┏━━

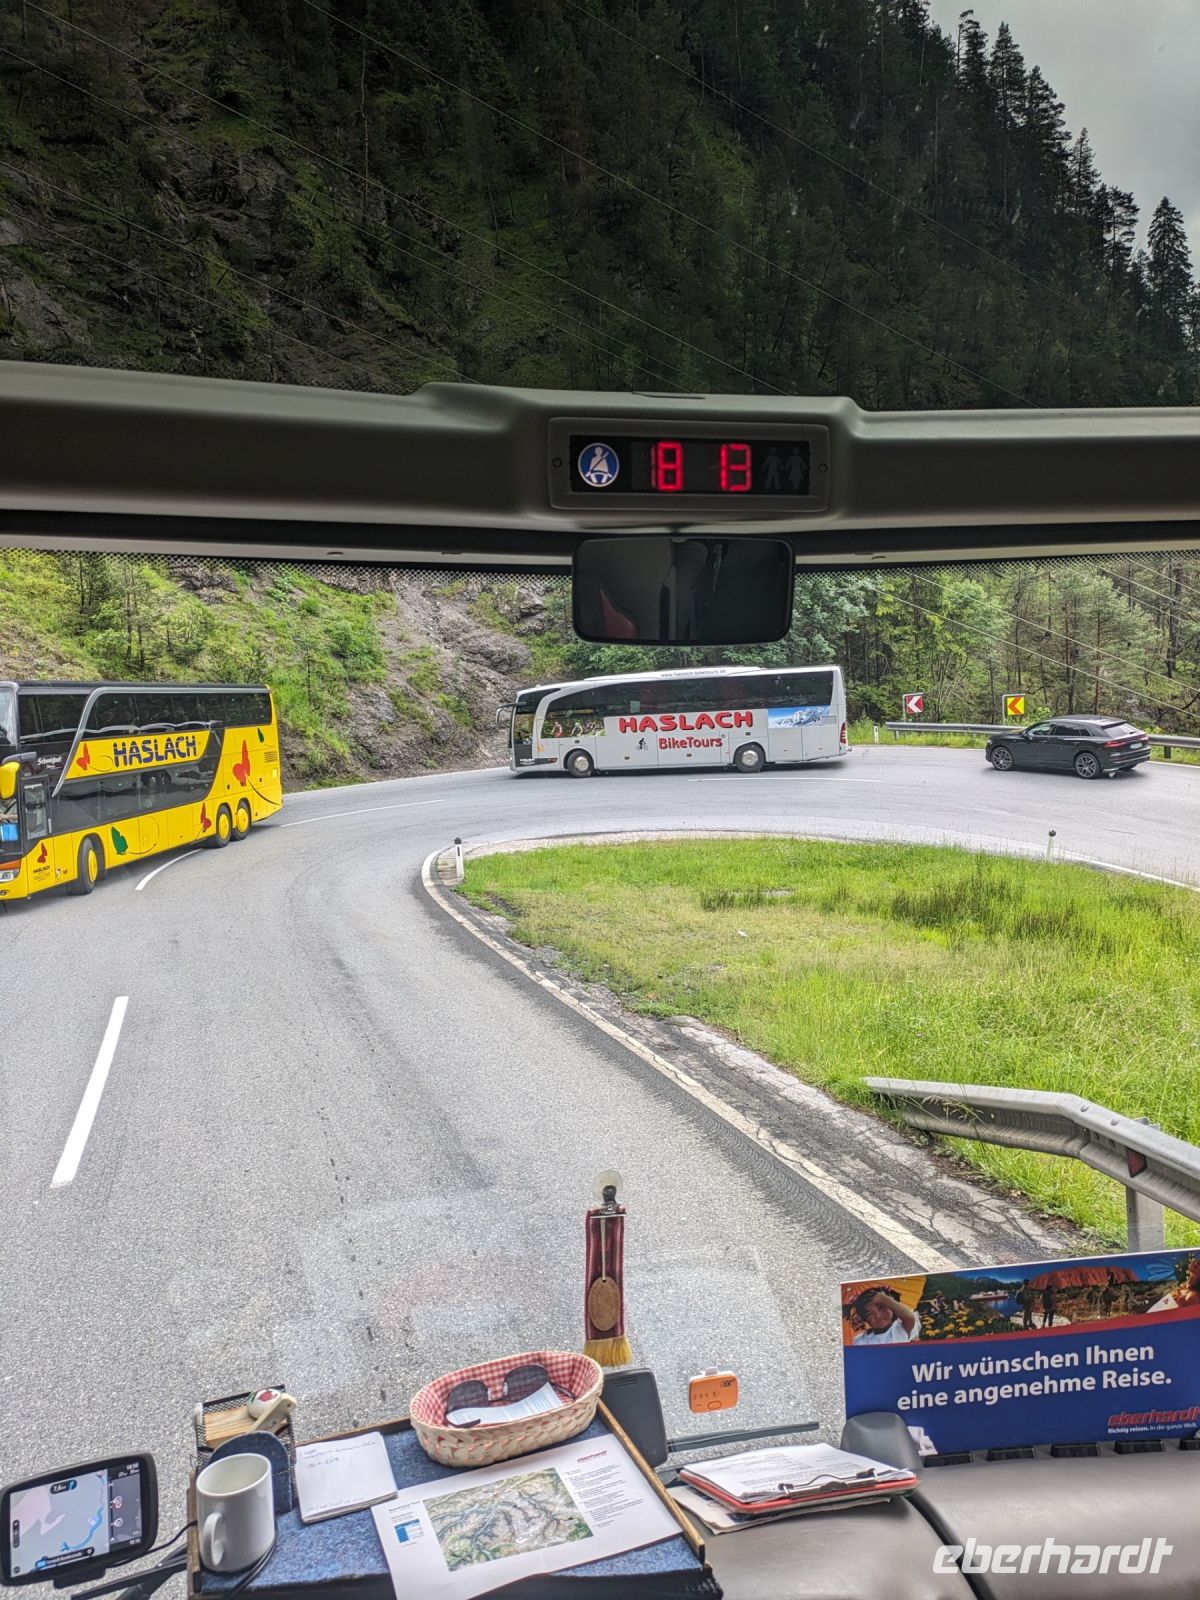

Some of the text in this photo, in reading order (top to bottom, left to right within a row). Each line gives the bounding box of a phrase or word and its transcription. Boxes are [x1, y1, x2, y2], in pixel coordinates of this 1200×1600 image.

[720, 443, 751, 492] 13
[618, 710, 754, 734] HASLACH
[112, 735, 197, 768] HASLACH
[658, 736, 723, 750] BikeTours
[911, 1345, 1155, 1383] Wir wünschen Ihnen
[896, 1367, 1172, 1411] eine angenehme Reise.

┗━━

== Action item ==
Return the full listing exactly as it appears above, without its pictures.

== Answer to the problem ==
Some of the text in this photo, in reading order (top to bottom, left to right within a row). Each line gives the bounding box of a phrase or word and its transcription. Boxes are [x1, y1, x2, y2], in pixel coordinates of this 1200×1600 image.

[720, 443, 751, 492] 13
[618, 710, 754, 734] HASLACH
[112, 735, 197, 768] HASLACH
[658, 736, 723, 750] BikeTours
[911, 1345, 1155, 1383] Wir wünschen Ihnen
[896, 1367, 1172, 1411] eine angenehme Reise.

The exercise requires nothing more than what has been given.